Accident Towing Services Act 2007 (review and original jurisdiction)
The Accident Towing Services Act 2007 gives VCAT the power to make certain decisions. VCAT has both original jurisdiction and review jurisdiction under the Act.
This page provides general information and should not be considered as legal advice. Seek legal advice if you are unsure about your legal rights. Be aware that the law can change.
Cases we can hear
You may be able to apply to VCAT for a review of a VicRoads decision in relation to either industry accreditation or driver accreditation, if you are affected by a decision:
- refusing an application to grant or renew accreditation
- imposing a condition on an accreditation
- varying or revoking a condition on accreditation
- suspending or cancelling an accreditation
- disqualifying you from applying for accreditation for a period of years.
Or if you are an applicant for, or a holder of, a tow truck licence and you are affected by a VicRoads decision to:
- issue or refuse to issue a licence
- impose a condition on a licence
- vary or revoke a condition on a licence
- refuse to exempt the holder of a Melbourne licence from a requirement
- refuse to alter the specification in a licence by substituting another
- refuse to approve the transfer of a licence
- cancel or suspend a licence
- refuse to grant a temporary permit
- impose conditions on a temporary permit.
Or if you are affected by a VicRoads decision to record demerit points either by error or other than required by regulations.
Or if you have been served with an improvement notice requiring you to remedy a contravention or likely contravention.
Cases we can't help with
We can’t accept:
- some cases where one party lives in another state or is a Commonwealth government organisation
- cases heard under federal law instead of Victorian law.
Who can apply for orders in original jurisdiction
You may be able to apply to VCAT:
- if VicRoads has refused your application for towing operator accreditation or tow truck driver accreditation because you have been found guilty of a serious violent offence (or an interstate equivalent offence)
- if you have been disqualified from applying for such accreditation for a period not exceeding five years.
Legislation that gives VCAT the power to hear these applications
- Sections 53, 88, 133, 172 and 177 of the Accident Towing Services Act 2007
- Sections 87 and 132 of the Accident Towing Services Act 2007
(mandatory refusals of accreditation)
If you have a decision document, use it to help you complete the VCAT application form and attach a copy of the document to your application.
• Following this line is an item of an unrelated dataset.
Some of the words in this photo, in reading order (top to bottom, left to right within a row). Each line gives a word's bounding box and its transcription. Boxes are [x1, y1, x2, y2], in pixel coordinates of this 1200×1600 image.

You must make your application within 28 days after the later of the day on which:
- the decision was made, or
- if you have requested a statement of reasons under the Victorian Civil and Administrative Tribunal Act, the statement of reasons is given to you or you are informed that a statement of reasons will not be given.
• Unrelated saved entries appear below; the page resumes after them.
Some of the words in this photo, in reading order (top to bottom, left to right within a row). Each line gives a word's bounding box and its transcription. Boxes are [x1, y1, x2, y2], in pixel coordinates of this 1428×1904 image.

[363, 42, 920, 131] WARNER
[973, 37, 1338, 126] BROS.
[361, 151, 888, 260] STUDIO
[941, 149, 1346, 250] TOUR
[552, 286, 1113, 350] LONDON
You should make your application within 28 days after VicRoads decision is made.
You may be able to apply for an extension to these time limits.
What can VCAT order?
Unless the relevant Act of Parliament gives us different powers, VCAT can:
- affirm the original decision, in which case the original decision will stand
- vary the decision
- set aside the decision and substitute our own decision
- set aside the decision and remit (send back) the matter for reconsideration by the decision maker giving directions or recommendations
- invite the decision-maker to reconsider their decision at any time during the case.
VCAT can order that:
- VicRoads accredit you
- VicRoads consider whether accreditation should be approved
- VicRoads reinstate your accreditation if appropriate
- VicRoads consider whether disciplinary action should be taken, or
- your application be dismissed.
We can explain the application process and what the form is asking you for. Contact us to get support.
We cannot give you legal advice. This means we cannot tell you what to write in your application or recommend how to get the outcome you want.
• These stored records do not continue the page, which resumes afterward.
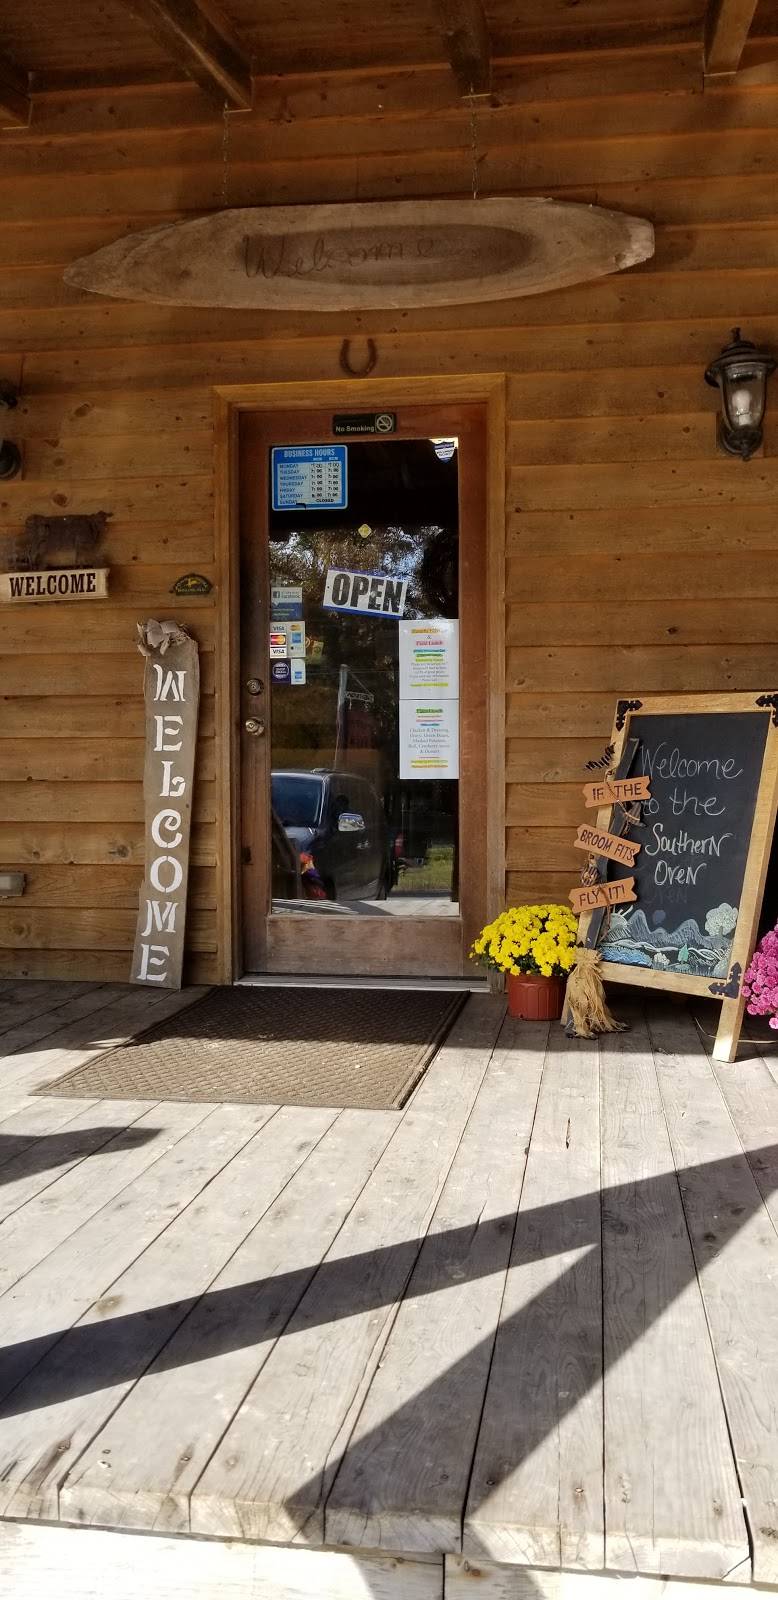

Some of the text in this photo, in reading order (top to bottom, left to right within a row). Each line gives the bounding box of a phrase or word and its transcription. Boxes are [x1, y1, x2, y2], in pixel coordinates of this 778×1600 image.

[346, 424, 375, 433] Smoking
[284, 448, 335, 458] BUSINESS HOURS
[9, 572, 97, 598] WELCOME
[332, 573, 404, 614] OPEN
[641, 742, 743, 781] Welcome
[592, 782, 642, 800] IF THE
[640, 787, 727, 816] to the
[136, 664, 187, 983] WELCOME
[580, 829, 612, 853] BROOM
[645, 823, 733, 857] Southern
[654, 860, 708, 886] Oven
[579, 884, 626, 906] FLY IT!
Seek legal help if you are unsure about your options or need advice about your claim.
Do I need a lawyer or professional representative?
You do not need to have legal or other professional representation to appear at VCAT. If you wish to be represented by a lawyer or a professional advocate, usually you must ask for VCAT's permission. Be aware that the regulatory body in most cases uses legal representation.
Find legal services that may be able to assist you.
Access and privacy
VCAT hearings and files are usually public.
VCAT has limited authority to restrict who can access cases and files but, in certain circumstances, you can apply for confidentiality.